1. Für ein digitales Computersystem mit einer Systemsteuereinheit SCU (4) mit einem Hauptspeicher (6) und einer Vielzahl zentraler Verarbeitungseinheiten (CPUs) (12), wobei jede CPU ihren eigenen zugehörigen Rückschreibcache (16) aufweist, ein Verfahren zum Übertragen angefragter Daten zu einer Anfragenden der CPUs vom Cache einer Ausgewählten der anderen CPUs durch die SCU und zum Erneuern des SCU-Hauptspeichers, das folgende Schritte aufweist:
Feststellen (8) in der SCU, daß die angefragten Daten als die aktuellste Version nicht im Hauptspeicher (6) gültig sind, sondern im Cache der ausgewählten CPU;
Übertragen der angefragten Daten vom Cache der ausgewählten CPU zur SCU;
Prüfen der übertragenen Daten, um festzustellen, daß die übertragenen Daten alles gültige Daten oder nur teilweise gültige Daten sind;
wenn festgestellt wird, daß die übertragenen Daten alles gültige Daten sind,
(a) Übertragen der gesamten gültigen Daten zur anfragenden CPU; und
(b) gleichzeitiges Schreiben der gesamten gültigen Daten in den SCU-Hauptspeicher an einer ausgewählten Adresse; oder
wenn festgestellt wird, daß die übertragenen Daten nur teilweise gültige Daten sind,
(a) Bestimmen der gültigen Teile der übertragenen Daten;
(b) Schreiben nur der gültigen Teile der Daten in den SCU- Hauptspeicher an einer ausgewählten Adresse, während bei derselben Operation ein Lesen vom SCU-Hauptspeicher an der ausgewählten Adresse erfolgt, wobei Daten eine Mischung aus den gültigen Teilen der übertragenen Daten mit Teilen von im Hauptspeicher gespeicherten Daten sind, die den anderen Teilen der angefragten Daten entsprechen; und
(c) Übertragen der gelesenen Daten zur anfragenden CPU.
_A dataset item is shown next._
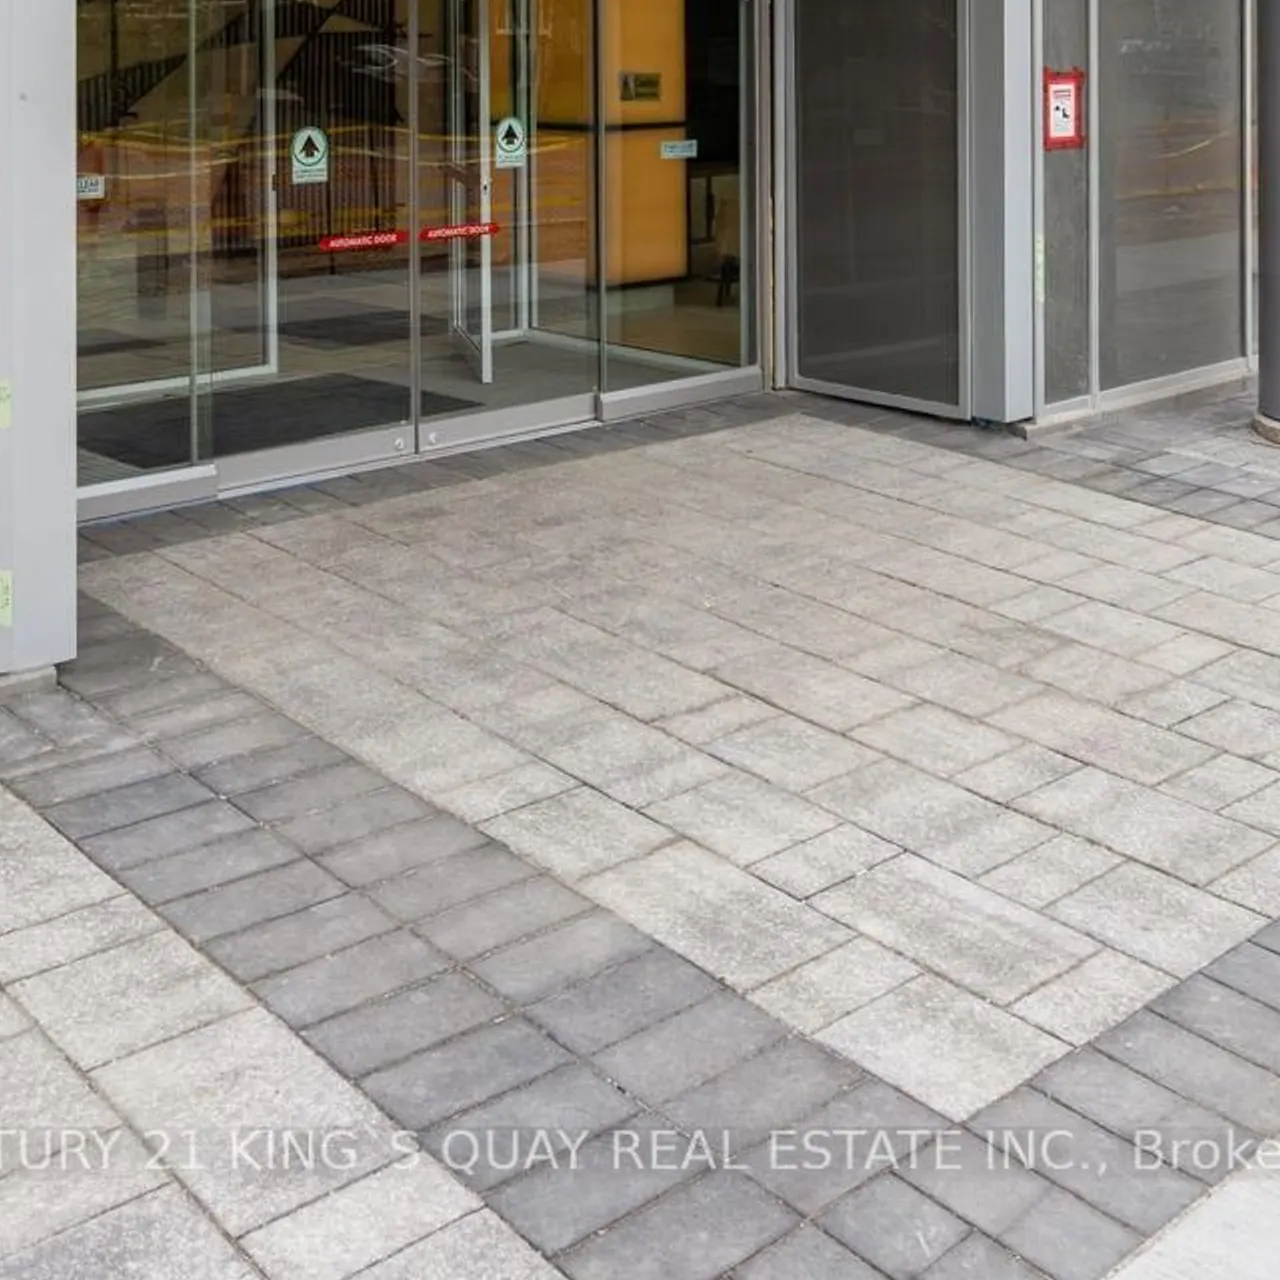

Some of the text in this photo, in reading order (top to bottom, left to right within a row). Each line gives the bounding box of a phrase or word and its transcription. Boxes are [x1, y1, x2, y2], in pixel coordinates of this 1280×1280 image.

[427, 226, 468, 238] AUTOMATIC
[328, 233, 399, 248] AUTOMATIC DOOR
2. Verfahren zum Übertragen nach Anspruch 1, das weiterhin folgende Schritte aufweist:
Empfangen (32) von Befehlsinformationen von der SCU;
Decodieren (30) einer Speicheradresse im Hauptspeicher für die angefragten Daten aus den Befehlsinformationen;
Übertragen (36, 34, 40, 42) der decodierten Adressen (38) zum Hauptspeicher; und
Zwischenspeichern der decodierten Adresse im Hauptspeicher.
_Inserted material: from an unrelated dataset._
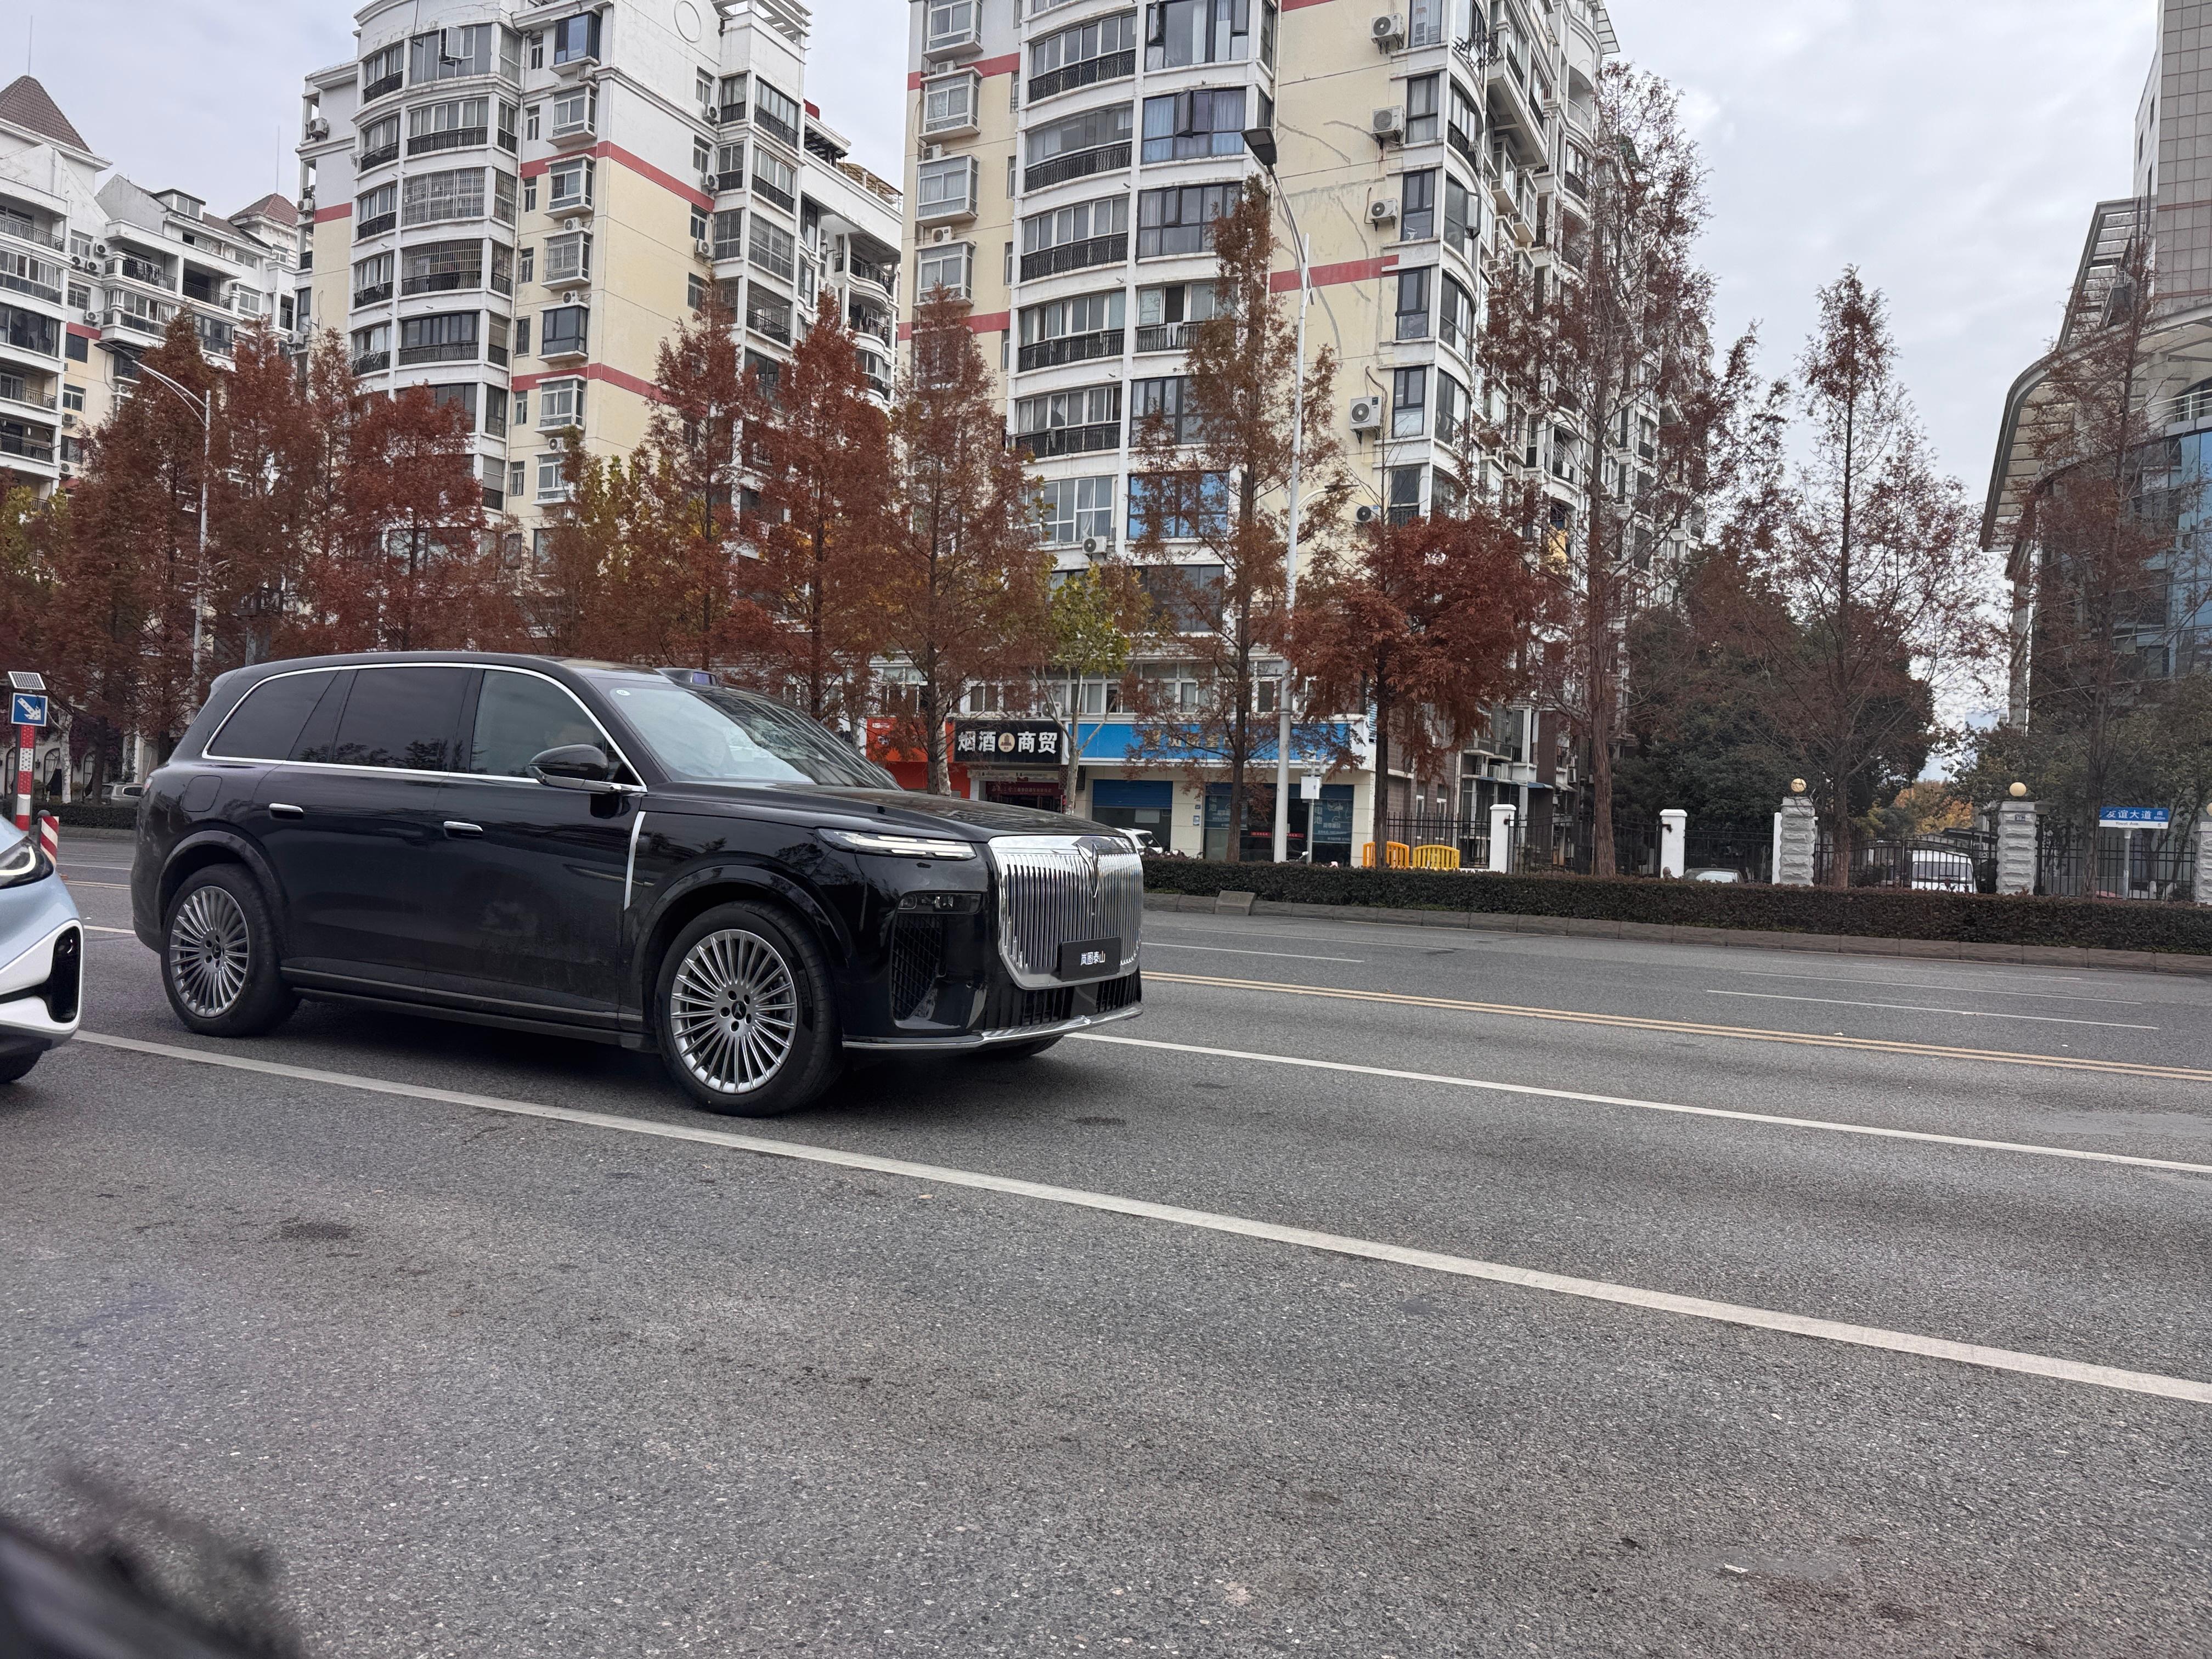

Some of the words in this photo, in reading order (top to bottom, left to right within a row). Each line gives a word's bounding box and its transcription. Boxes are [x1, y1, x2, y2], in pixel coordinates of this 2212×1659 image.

3. In einem digitalen Computersystem mit einer Systemsteuereinheit SCU (4) mit einem Hauptspeicher (16) und einer Vielzahl zentraler Verarbeitungseinheiten (CPUs) (12), wobei jede CPU ihren eigenen zugehörigen Rückschreibcache (16) aufweist, ein Gerät zum Übertragen angefragter Daten zu einer Anfragenden der CPUs vom Cache einer Ausgewählten der anderen CPUs durch die SCU und zum Erneuern des SCU-Hauptspeichers, das folgendes aufweist:
eine Einrichtung (8) zum Feststellen, daß die angefragten Daten als aktuellste Version nicht im Hauptspeicher (6) gültig sind, sondern im Cache der ausgewählten CPU;
eine Einrichtung (16, 18, 48) zum Übertragen der angefragten Daten vom Cache der ausgewählten CPU zur SCU;
eine Einrichtung (44) zum Prüfen der übertragenen Daten, um festzustellen, daß die übertragenen Daten alles gültige Daten oder nur teilweise gültige Daten sind;
eine Einrichtung (34, 26, 28) zum Übertragen aller gültigen Daten zur anfragenden CPU;
eine Einrichtung (34, 26) zum Initiieren des Schreibens aller gültigen Daten im SCU-Hauptspeicher an einer ausgewählten Adresse gleichzeitig mit einem Übertragen aller gültigen Daten zur anfragenden CPU;
eine Einrichtung (44) zum Bestimmen der gültigen Teile der nur teilweise gültigen Daten;
eine Einrichtung (34, 26) zum Initiieren des Schreibens nur der gültigen Teile der nur teilweise gültigen Daten in den SCU-Hauptspeicher an der ausgewählten Adresse, während bei derselben Operation das Lesen vom SCU- Hauptspeicher an der ausgewählten Adresse von Daten initiiert wird, die eine Mischung aus den gültigen Teilen der übertragenen Daten mit Teilen von im Hauptspeicher gespeicherten Daten sind, die den anderen Teilen der angefragten Daten entsprechen; und
eine Einrichtung (34, 28) zum Übertragen der gelesenen Daten zur anfragenden CPU.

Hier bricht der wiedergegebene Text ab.